Selain jumlah peneliti, publikasi riset laut dalam dari Indonesia pun tak banyak yang sudah terbit sejak 5-10 tahun terakhir, jika dibandingkan dengan publikasi terkait riset di wilayah pesisir.

Kondisi ini amat disayangkan. Seharusnya Indonesia memiliki lebih banyak peneliti yang melakukan kajian ilmiah mengenai laut dalam. Masalah yang sama juga dihadapi oleh negara-negara berkembang lainnya yang memiliki wilayah laut dalam.

Kawasan laut dalam memiliki karakter kedalaman 200 meter atau lebih, bertekanan air (hidrostatis) tinggi, tak tertembus cahaya, dan bersuhu amat dingin -4°C (kecuali di Laut Mediterania yang bersuhu 13°C sepanjang tahun dan ada yang bersuhu tinggi 60-464°C di lokasi tertentu).

Kawasan laut dalam layak diteliti karena memiliki beraneka manfaat jasa ekosistem yang menopang kehidupan di Bumi seperti penyerapan karbon, sumber pangan, obat-obatan, hingga bahan mineral.
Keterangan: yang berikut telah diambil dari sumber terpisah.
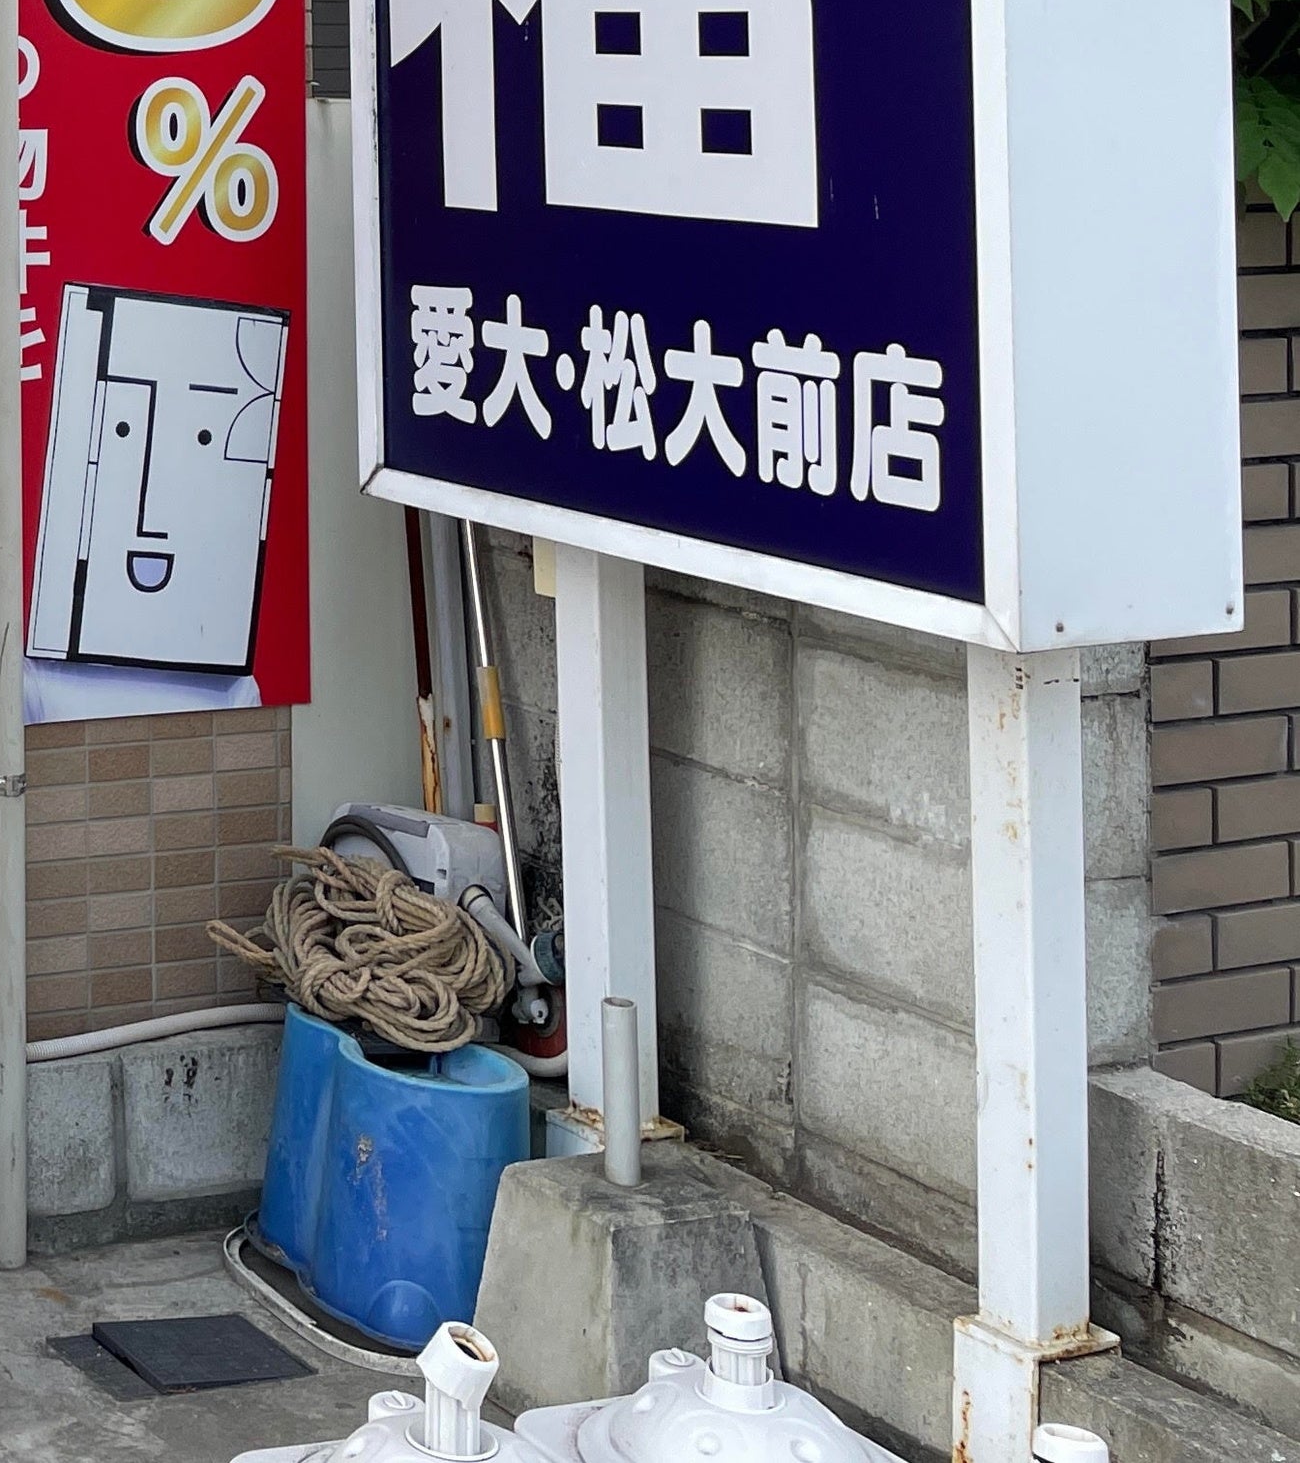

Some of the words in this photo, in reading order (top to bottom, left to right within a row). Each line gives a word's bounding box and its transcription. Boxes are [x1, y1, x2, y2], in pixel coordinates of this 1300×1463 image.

[410, 284, 945, 514] 愛大・松大前店
Keberadaan makhluk hidup di laut dalam juga layak ditelusuri agar kita mendapatkan pengetahuan seputar adaptasi mereka di lingkungan ekstrem.

Sekitar 70% dari total wilayah laut Indonesia tergolong laut dalam (analisa data batimetri Indonesia, Badan Informasi Geospasial). Lebih dari separuhnya berada di kawasan timur, meliputi Laut Banda, Laut Arafura, Laut Seram, Laut Maluku, Laut Halmahera, Laut Sulawesi, Laut Flores, Laut Sawu, Laut Timor, dan Samudera Pasifik di bagian utara Papua. Dua wilayah laut dalam lainnya berlokasi di bagian barat Indonesia, yakni Samudera Hindia di sebelah barat Pulau Sumatra dan di selatan pulau Jawa.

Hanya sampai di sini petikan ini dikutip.